Marcantonio. Cert’è, com’io t’ho detto, che la maggior parte de’ costumi de’ giovani, o buoni o cattivi che e’ si sieno, procedono dai padri e dalle madri loro o da quelli che, in luogo di padre o di madre, li custodiscono.
Lucrezia. Gli è vero che e’ padri o e’ tutori o e’ maestri lo posson fare; ma le madri no: perché, sendo donne, in questo, come nelle altre cose del mondo, hanno pochissima parte.
Marcantonio. E pur talvolta si son visti essempli in contrario, che le donne piú abbin possuto ne’ figliuoli che i padri; e non solamente ne’ figliuoli, ma ancora ne’ mariti loro. E, per non avere a cercare d’essemplo piú discosto, ti debbi ricordar come Aridosio mio fratello ed io fummo allevati in un medesimo modo e da li medesimi padre e madre; e nel medesimo tempo pigliammo moglie: della quale egli ha auto Tiberio, Erminio e Cassandra; e noi ancor nissuno. D’allora in qua, lui cominciò a diventare avaro ed a posporre ogni piacere ed onore allo accumulare: tanto che è ridotto meschino come vedi. Io, Dio grazia, mi son mantenuto con quello stile di vivere che da mio padre mi fu lasciato. E di questa sua mutazione non si può allegare altre ragioni e non si può pensare che sia stato altro che la moglie; la qual tu sai quant’era meschina, perfida e dappoca. E mai non ebbe Aridosio la maggior ventura che quando la mori: benché a lui paresse far grandissima perdita, perché di giá s’era accommodato a’ sua costumi.
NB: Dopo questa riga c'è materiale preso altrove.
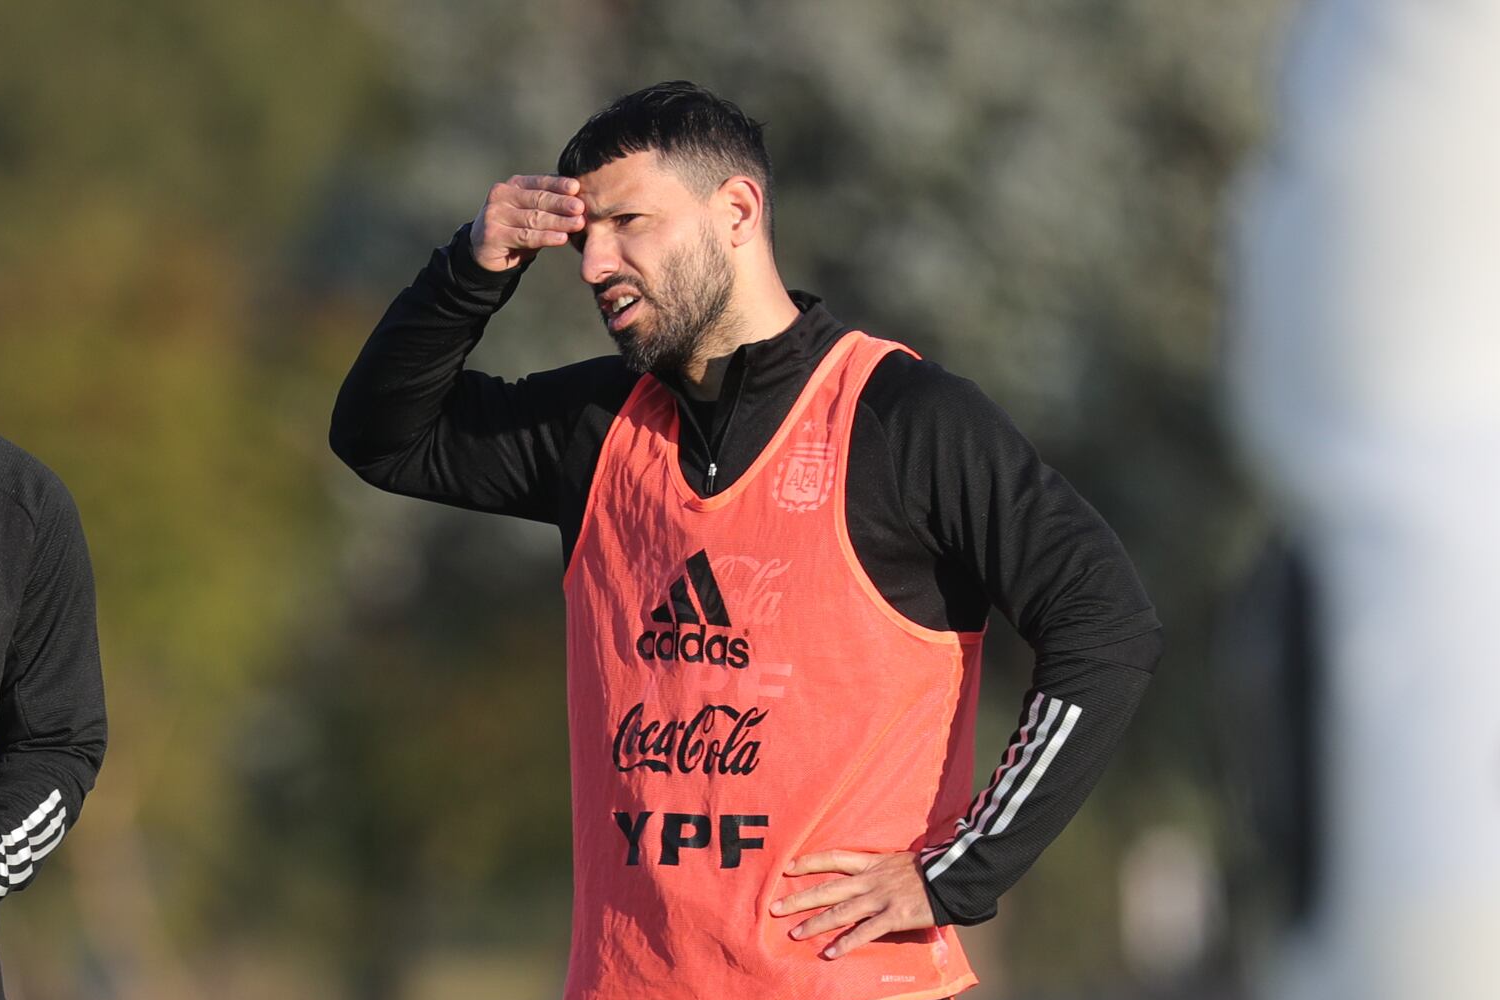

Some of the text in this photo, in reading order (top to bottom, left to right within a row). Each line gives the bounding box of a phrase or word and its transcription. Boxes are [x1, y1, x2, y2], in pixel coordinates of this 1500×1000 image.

[636, 622, 749, 670] adidas
[612, 702, 770, 776] Coca-Cola
[612, 811, 770, 870] YPF
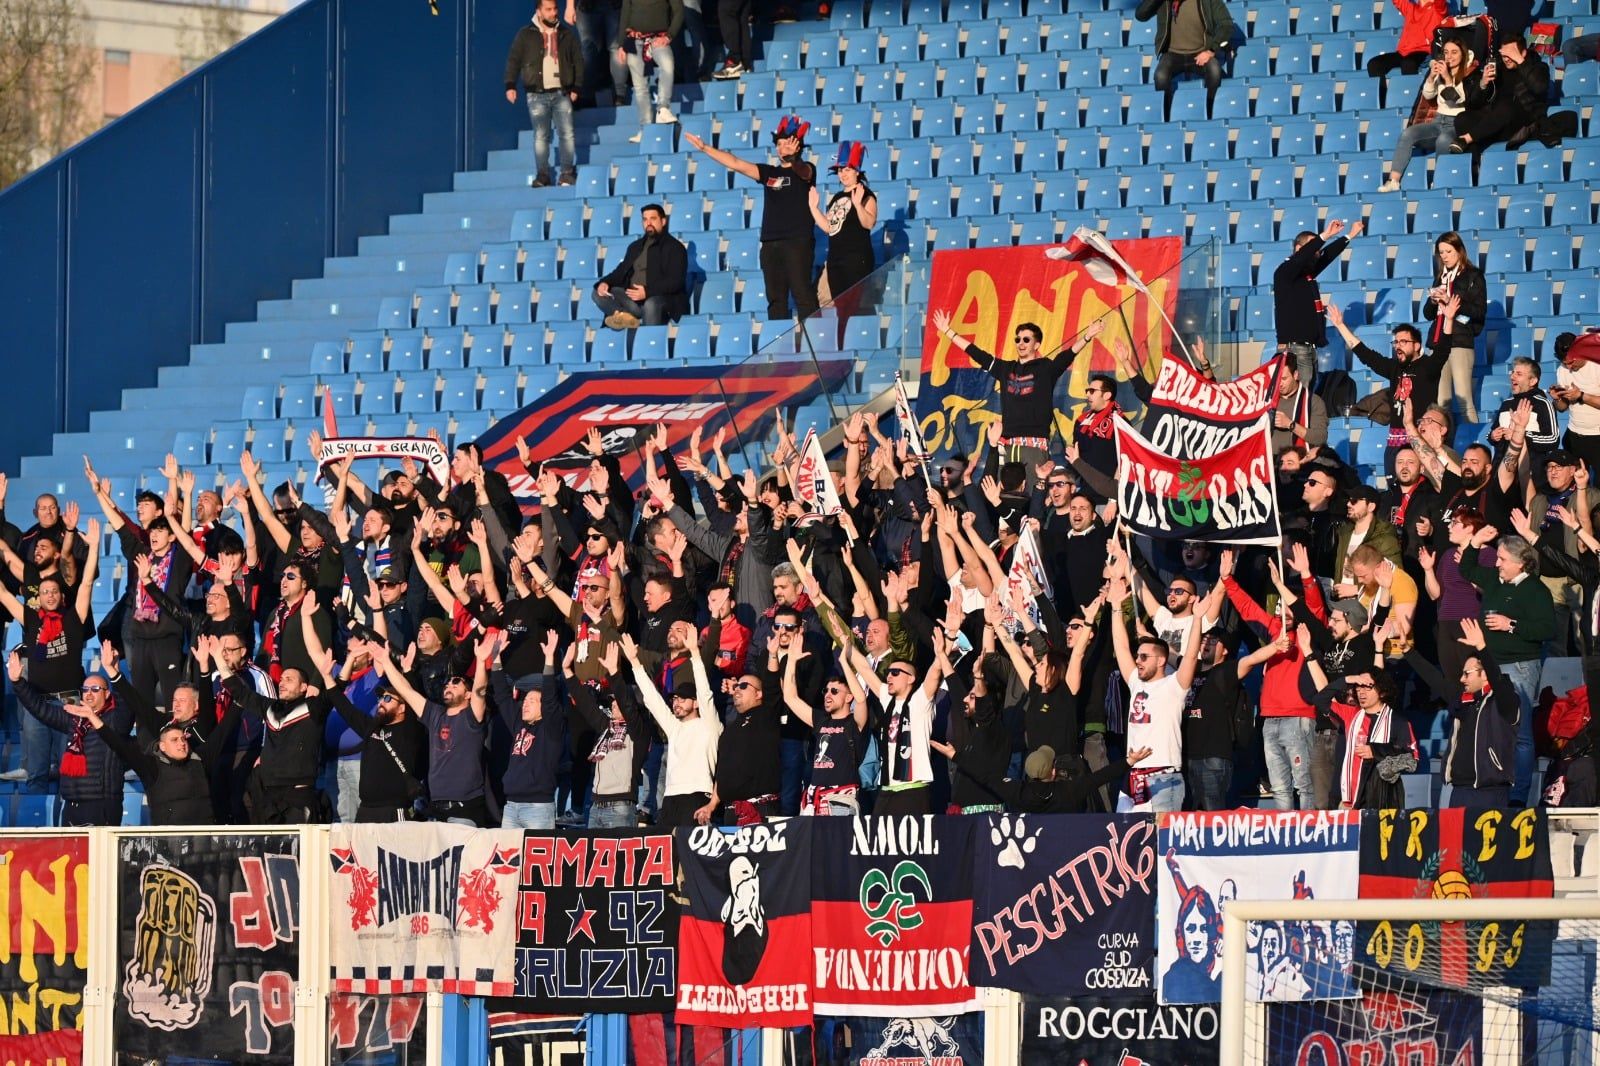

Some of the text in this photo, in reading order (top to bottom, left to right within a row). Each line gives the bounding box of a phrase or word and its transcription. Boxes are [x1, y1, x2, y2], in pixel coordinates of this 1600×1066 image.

[578, 402, 728, 422] LUZZI
[850, 814, 939, 856] TOWN
[1168, 809, 1350, 852] MAI DIMENTICATI
[519, 834, 675, 888] RMATA
[608, 889, 665, 944] 92
[1097, 931, 1140, 950] CURVA
[1103, 950, 1132, 968] SUD
[1085, 966, 1151, 989] COSENZA
[676, 983, 809, 1016] IRREQUIETI
[1037, 1005, 1219, 1041] ROGGIANO
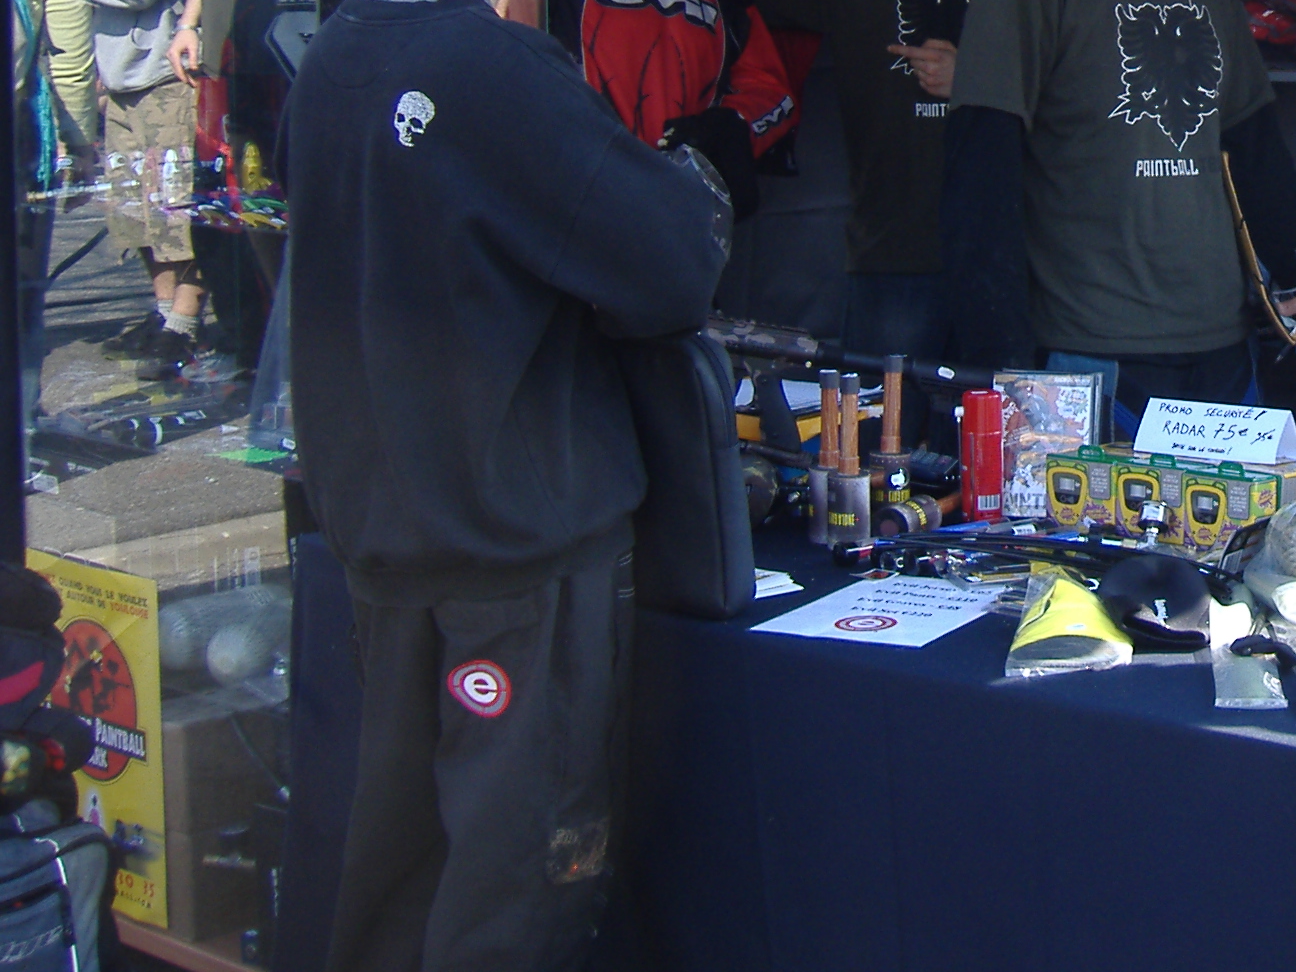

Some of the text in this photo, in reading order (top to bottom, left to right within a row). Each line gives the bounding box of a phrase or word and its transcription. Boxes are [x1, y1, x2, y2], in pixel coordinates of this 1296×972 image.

[915, 103, 950, 118] PAINT
[1162, 420, 1206, 438] RADAR
[95, 716, 145, 757] PAINTBALL
[87, 746, 109, 768] ARK
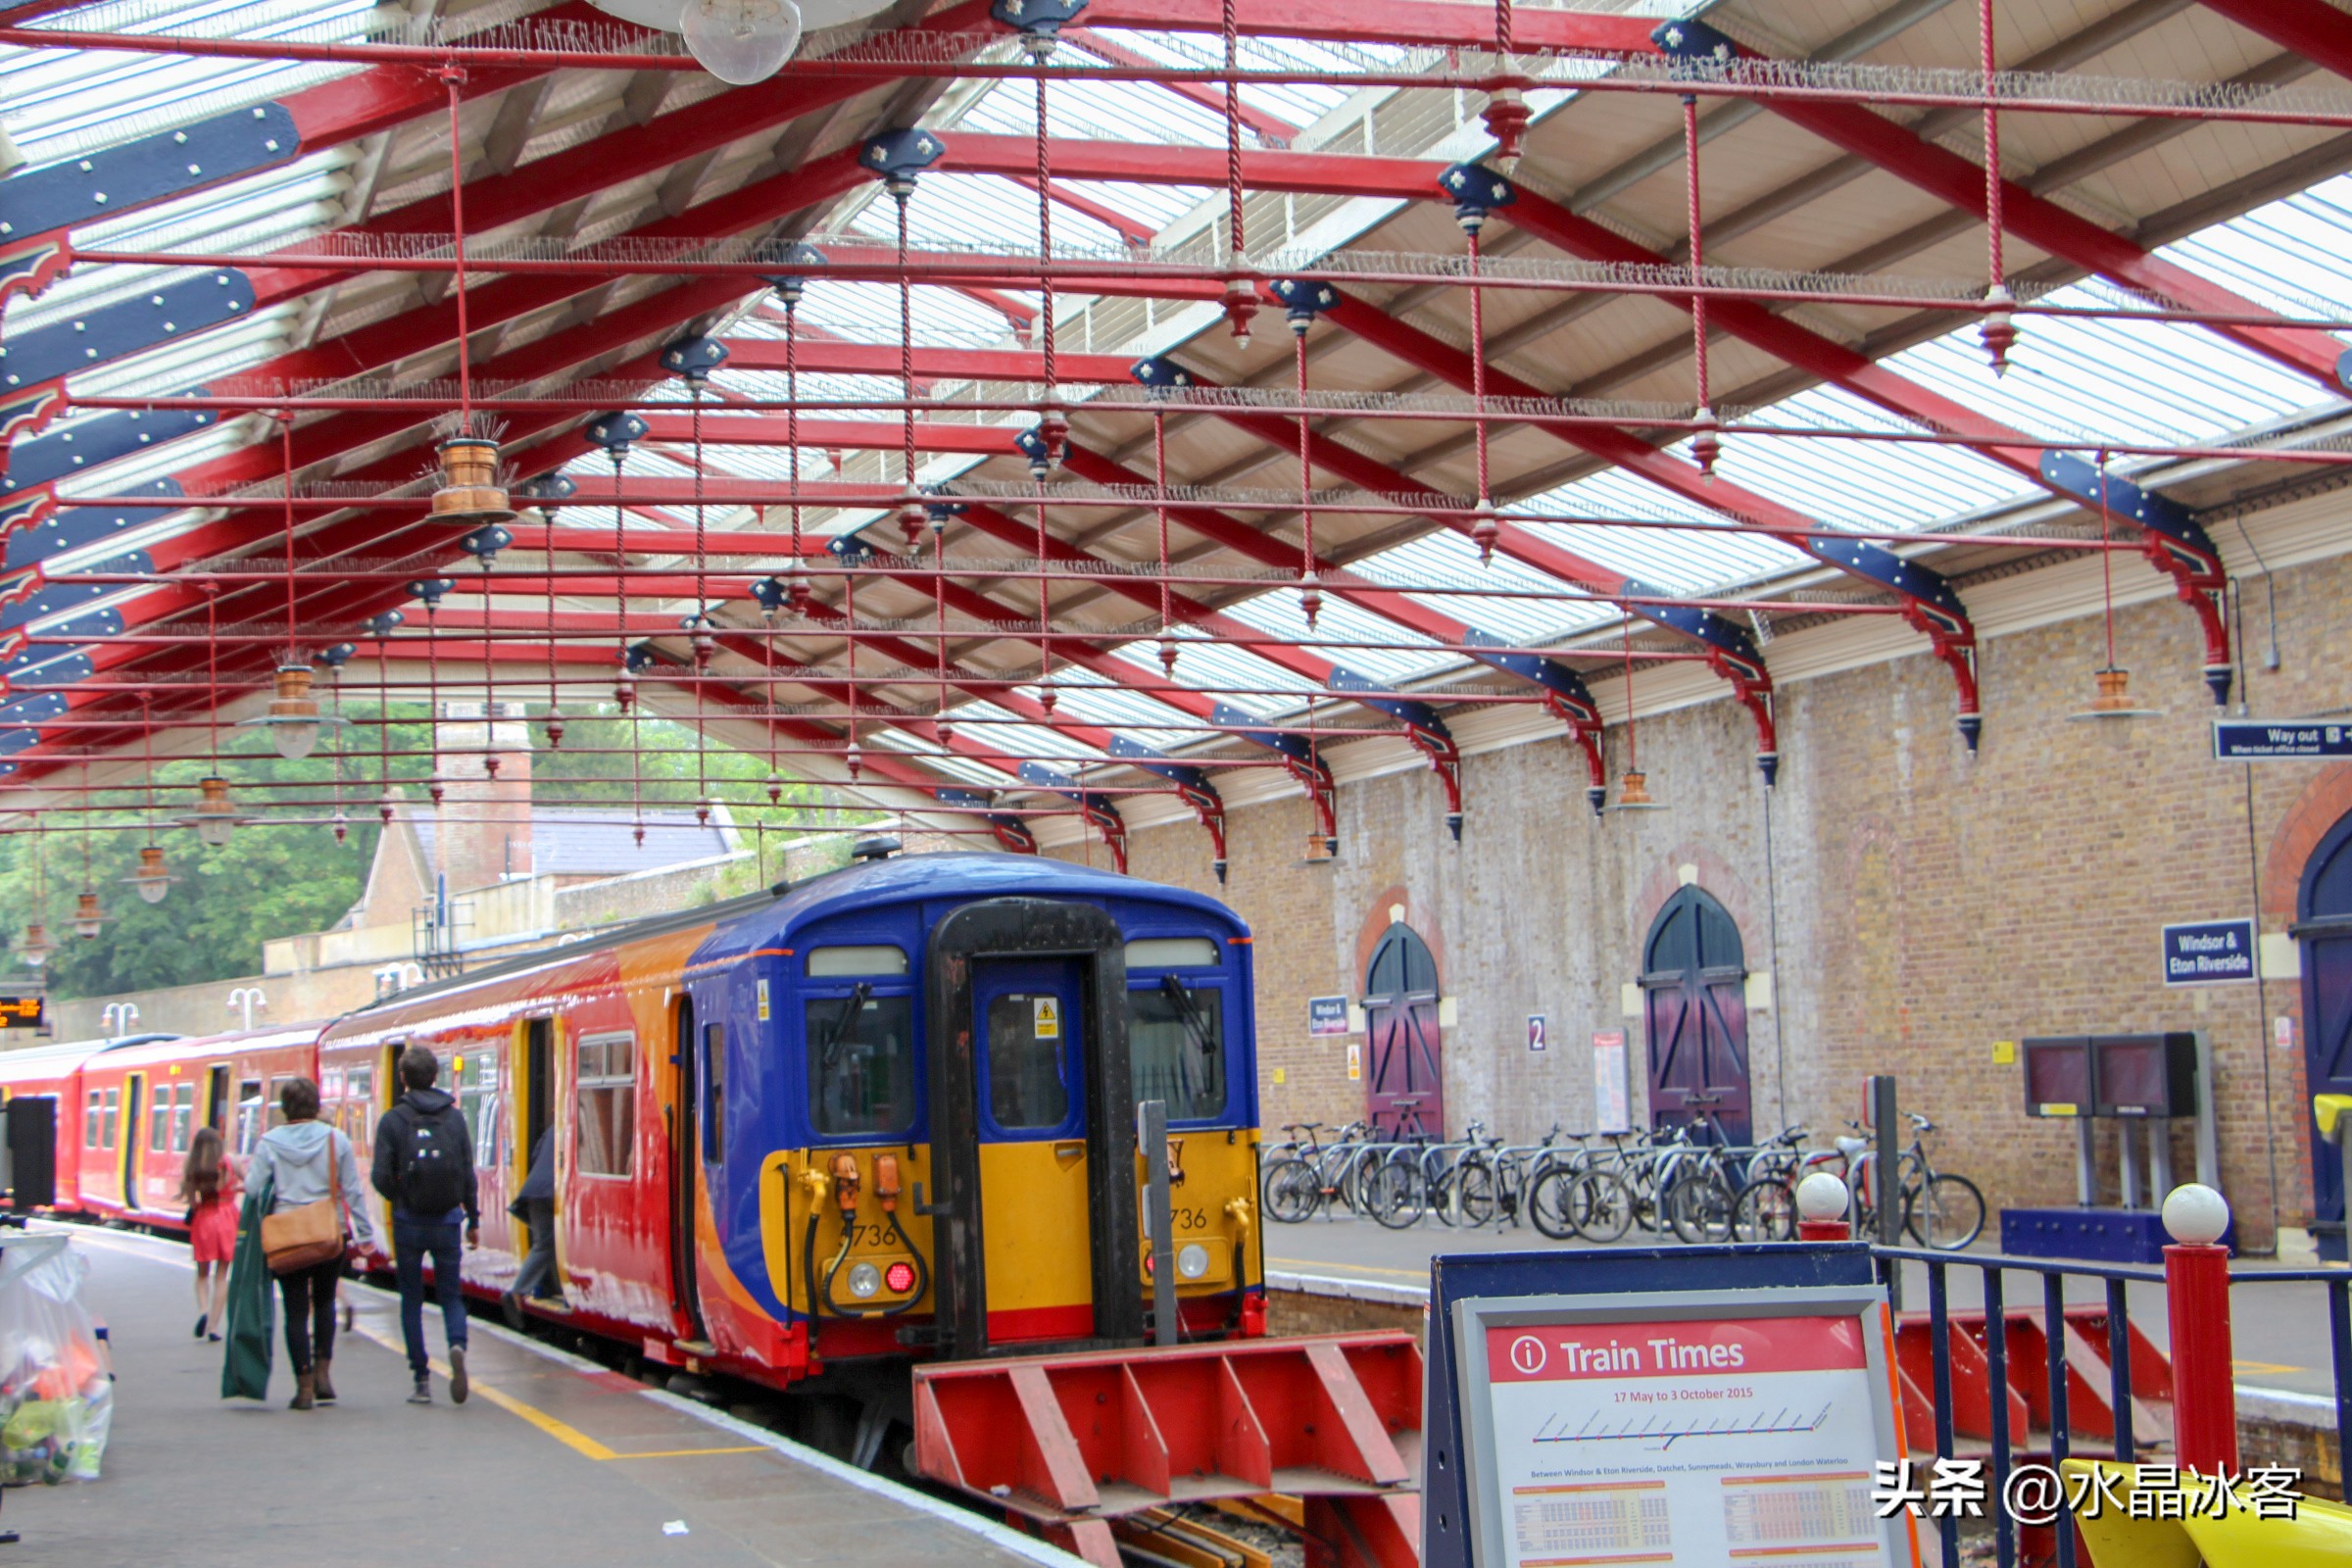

Lucrezia. Oh infelici donne, le quali, a detto vostro, son causa di tutti e’ mali e solo allora fanno aventurate e felici le case quando inespettatamente le si muoiono!
Marcantonio. E che altro vuoi tu che sia stato causa di sua tanta mutazione e che di liberale l’abbi fatto miserissimo? perché, insino a questo tempo, sai come egli era vissuto. Però io ringrazio la sorte che piú presto a lui che a me abbia mandato tanto male, la quale nelle cose del mondo può el tutto: che io mi ricordo nostro padre, piú volte, dubitare se a me o a lui te o lei dava; poi si risolvette in modo che io m’ho da lodare grandemente e lui da dolere. E, se ben lui ha aúti tre figliuoli (che certo è gran felicitá) ed io nissuno ne sia per avere, lui volentieri ci ha dato Erminio suo minore e noi per figliuolo carissimo lo tenghiamo e, come se fatto lo avessimo, l’amiamo; e piú, forse, perché né tu né io di lui abbiamo avuti quei fastidi che de’ putti piccoli s’hanno.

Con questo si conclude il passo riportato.